His apartment was five blocks from the campus, in a tiny dark old building with unbelievably high, sculptured ceilings. Opening the front door of it took all the strength he had. And all the way up the three flights of stairs he could smell what every family had eaten for the last day and a half — mainly bacon and burnt beans, he gathered. Ordinarily the smells made him feel a little sick, but today they seemed warm and comforting. He climbed more quickly, making each wooden step creak beneath his feet. By the time he was at his own door and digging through his pockets for the keys he was whistling under his breath, even though his face was stiff with cold.

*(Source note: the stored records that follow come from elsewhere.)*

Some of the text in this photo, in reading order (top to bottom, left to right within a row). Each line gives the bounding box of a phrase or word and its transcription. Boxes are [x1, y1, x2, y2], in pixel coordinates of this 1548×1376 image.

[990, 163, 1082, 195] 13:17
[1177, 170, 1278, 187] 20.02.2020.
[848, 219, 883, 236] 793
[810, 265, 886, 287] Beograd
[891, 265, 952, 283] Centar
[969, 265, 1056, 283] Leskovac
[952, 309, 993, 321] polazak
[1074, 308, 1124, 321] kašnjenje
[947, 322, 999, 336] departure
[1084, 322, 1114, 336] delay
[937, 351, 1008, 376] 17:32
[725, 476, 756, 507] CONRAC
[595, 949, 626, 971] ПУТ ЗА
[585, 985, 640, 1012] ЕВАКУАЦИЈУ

“That you?” his roommate called from the kitchen.

“It’s me.”

He took the key out of the door and slammed the door shut behind him. Inside it was almost as cold as it was in the street; all it needed was the wind. The living room was taller than it was wide, and very dark, with high-backed stuffed furniture and long, narrow windows that rattled when a gust of wind blew. The mantel and the coffee tables were bare and dusty. There were none of the flower pots and photographs and china do-dads that he was used to from the houseful of women in which he had been raised, but a huge clutter of other objects lay around — newspapers, tossed-off jackets, textbooks, playing cards. In the middle of the dark wooden floor was a square scatter rug colored like a chessboard, and ridiculously tiny plastic chess pieces sat upon it in a middle-of-the-game confusion.

Ben Joe stripped his topcoat and his suit jacket off and threw them onto an easy chair. He untied his tie and stuffed it into the pocket of the jacket. From the daybed he picked up a crazy quilt from home and began swaddling himself in it, covering even his head and huddling himself tightly inside it.

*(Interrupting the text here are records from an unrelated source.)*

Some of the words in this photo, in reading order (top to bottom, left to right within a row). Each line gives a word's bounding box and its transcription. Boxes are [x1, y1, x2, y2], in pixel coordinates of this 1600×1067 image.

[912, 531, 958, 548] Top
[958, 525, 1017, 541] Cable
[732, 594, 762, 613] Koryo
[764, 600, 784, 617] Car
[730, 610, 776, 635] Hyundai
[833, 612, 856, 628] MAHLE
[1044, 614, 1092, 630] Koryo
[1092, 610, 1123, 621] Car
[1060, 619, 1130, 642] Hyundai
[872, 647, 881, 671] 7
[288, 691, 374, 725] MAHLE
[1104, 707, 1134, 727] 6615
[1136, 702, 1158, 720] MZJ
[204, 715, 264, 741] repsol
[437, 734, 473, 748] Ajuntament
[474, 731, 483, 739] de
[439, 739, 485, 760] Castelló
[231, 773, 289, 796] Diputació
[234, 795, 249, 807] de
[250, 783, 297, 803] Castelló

“For Pete’s sake,” his roommate said from the kitchen doorway.

“Well, I’m cold.”

He backed up to the daybed and sat down. The bed was a wide one; he worked himself back until he was leaning against the wall and his legs were folded Indian fashion in front of him, and then he frowned.

“Forgot to take off my shoes,” he said.

He patiently undid the quilt and untied his shoes. They fell to the floor with two dull thuds. With his cold feet pressed beneath the warmth of his legs, he reached again for the quilt and began pulling it around him.

“Hey, Jeremy,” he said, “grab this corner, will you?”

His roommate left the doorway and came over, carrying a cup of coffee in one hand. “I’ve never seen the like,” he said. “You wait till it’s really winter. Which one?”

“The one in my left hand. There. Thanks.”

He leaned back against the wall again and Jeremy drifted over to the window, slurping up his coffee as he went. He was younger than Ben Joe — twenty-one at the most, and an undergraduate — but Ben Joe liked him better than most of the other people he had met here. Maybe because he didn’t have that sleek look either. He was from Maine, and wore sneakers and dungarees and dirty red Brewster jackets to class. His hair was so black it was startling; it gave him a wild look even when he smiled.

“I thought you had two classes on Thursdays,” Jeremy said.

“I did. But I only went to the one. I got cold.”

“Oh, pooh.” He sat down on the edge of the window sill and swung one sneaker back and forth. “In Maine,” he said, “we’d be swimming in this weather.”

“In Sandhill we’d be sending for federal aid.”